[weglot_switcher]

Médico-poeta português em destaque no “The Guardian”: “Como os poemas, cada paciente é único”

O médico acredita que a poesia tem a capacidade única de ajudar os estudantes a ligarem-se holisticamente com os seus pacientes, para não os verem apenas como um problema médico que precisa de ser tratado.
17 Fevereiro 2024, 15h12

João Luís Barreto Guimarães, médico e escritor de poesia, está hoje em destaque no jornal britânico “The Guardian”.

O vencedor do Prémio Pessoa 2022, é médico de cirurgia reconstrutiva no Centro Hospitalar de Vila Nova de Gaia/Espinho, sendo autor de mais de 10 livros, publicados em várias línguas.

O médico foi o responsável por criar a cadeira de Introdução à Poesia no plano de Mestrado Integrado em Medicina do Instituto de Ciências Biomédicas Abel Salazar (ICBAS) da Universidade do Porto.

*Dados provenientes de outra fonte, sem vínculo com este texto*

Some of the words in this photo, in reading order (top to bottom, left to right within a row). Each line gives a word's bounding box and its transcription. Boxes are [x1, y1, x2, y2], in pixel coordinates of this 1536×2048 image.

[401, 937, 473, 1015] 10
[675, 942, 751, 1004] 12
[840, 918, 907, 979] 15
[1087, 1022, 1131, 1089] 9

“Hoje em dia, os médicos não têm tempo para parar e pensar, e tudo é rapidamente reduzido à técnica e à mecânica. O que eu tento mostrar aos estudantes é que, assim como os poemas, cada um dos seus pacientes é único”, disse o médico ao jornal. Quando não está a operar, gosta de estar sentado na secretária da sua casa a escrever os seus poemas.

O médico acredita que a poesia tem a capacidade única de ajudar os estudantes a ligarem-se holisticamente com os seus futuros pacientes, para não os verem apenas como um problema médico que precisa de ser tratado.

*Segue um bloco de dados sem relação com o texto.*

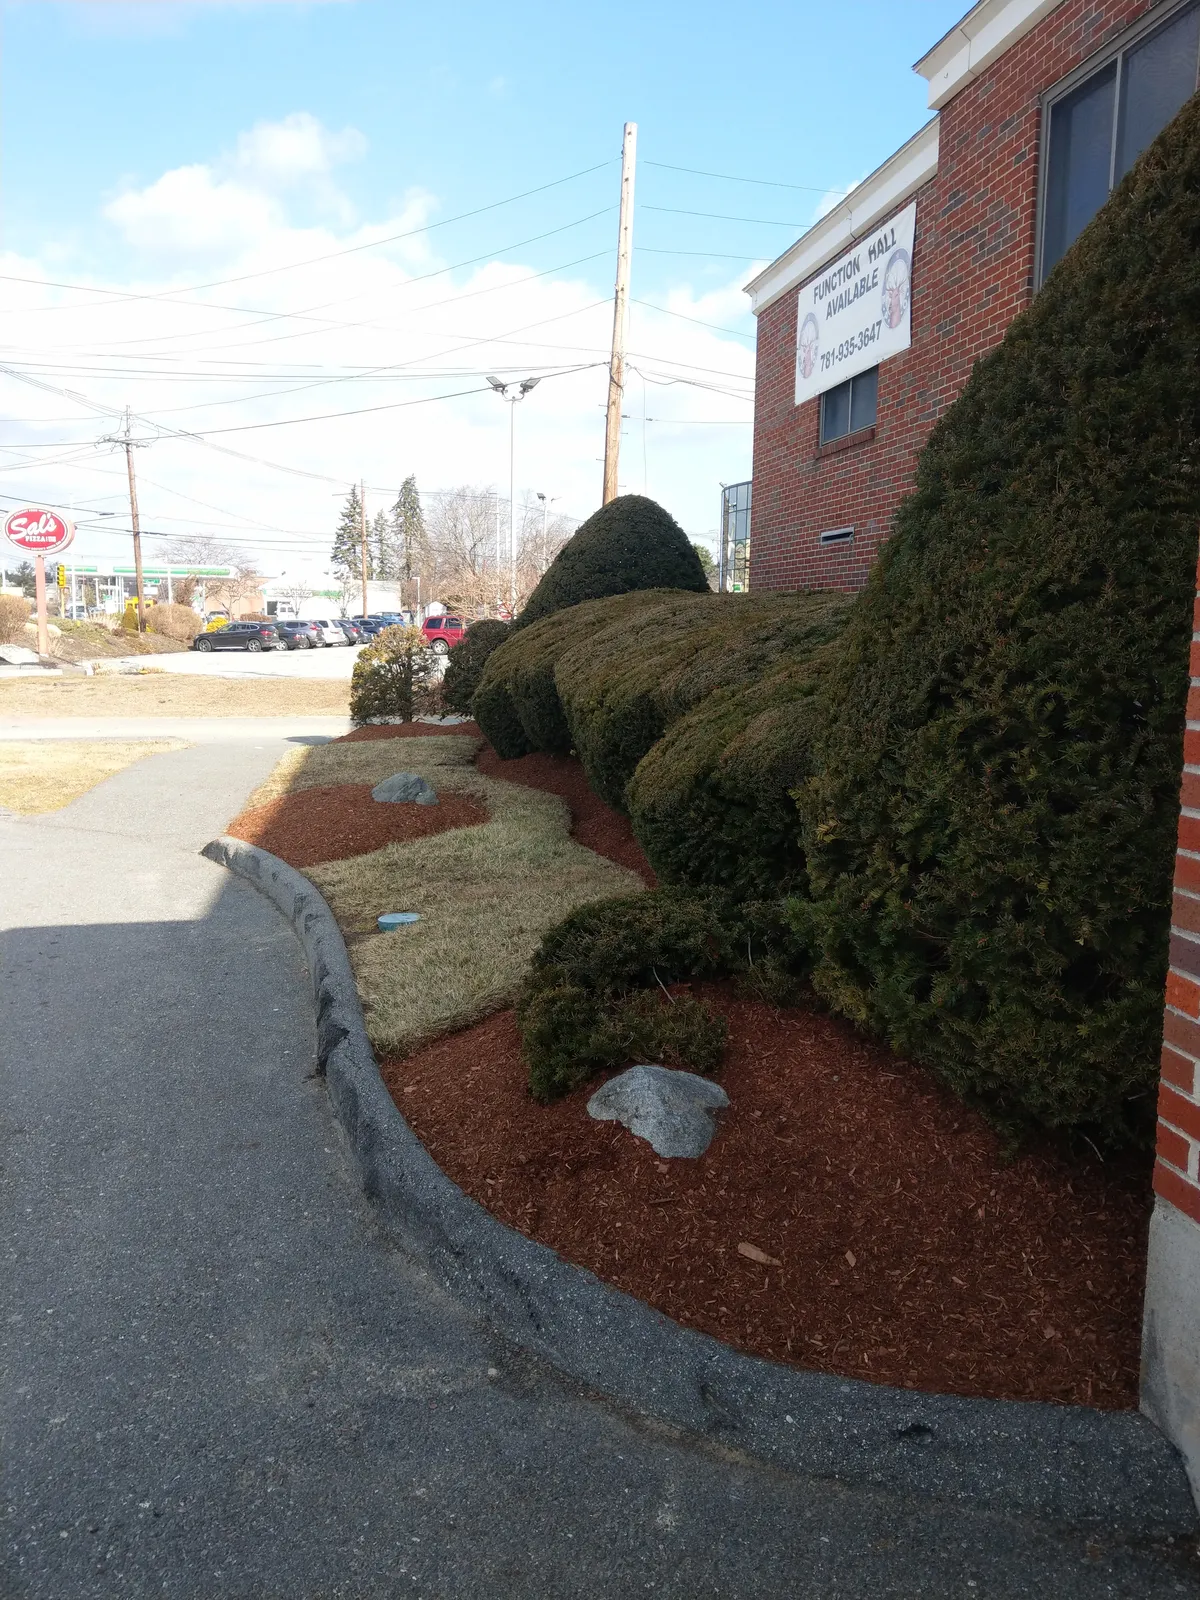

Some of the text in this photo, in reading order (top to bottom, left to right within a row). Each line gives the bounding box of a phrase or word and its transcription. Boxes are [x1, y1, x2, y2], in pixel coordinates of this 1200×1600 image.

[813, 227, 897, 305] FUNCTION HALL
[826, 267, 879, 320] AVAILABLE
[820, 320, 882, 372] 781-935-3647
[9, 512, 57, 540] Sal's

“Por isso, faço com que olhem para os poemas que falam de empatia, compaixão, solidariedade e outros valores humanos que os médicos deveriam mostrar quando estão à frente de um paciente”, conta.

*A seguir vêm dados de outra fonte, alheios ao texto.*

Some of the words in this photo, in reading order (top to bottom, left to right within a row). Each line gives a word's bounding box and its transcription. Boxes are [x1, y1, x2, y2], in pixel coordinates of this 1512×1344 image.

A sua cadeira inclui vários poetas-médicos, como o cirurgião português Júlio Dinis; o pediatra norte-americano William Carlos Williams; o patologista alemão Gottfried Benn; o imunologista checo Miroslav Holub.

O médico já recebeu convites para lecionar noutras universidades médicas em Portugal. Lá fora, a universidade Pompeu Fabra em Barcelona introduziu recentemente um curso de literatura no segundo ano do curso de medicina.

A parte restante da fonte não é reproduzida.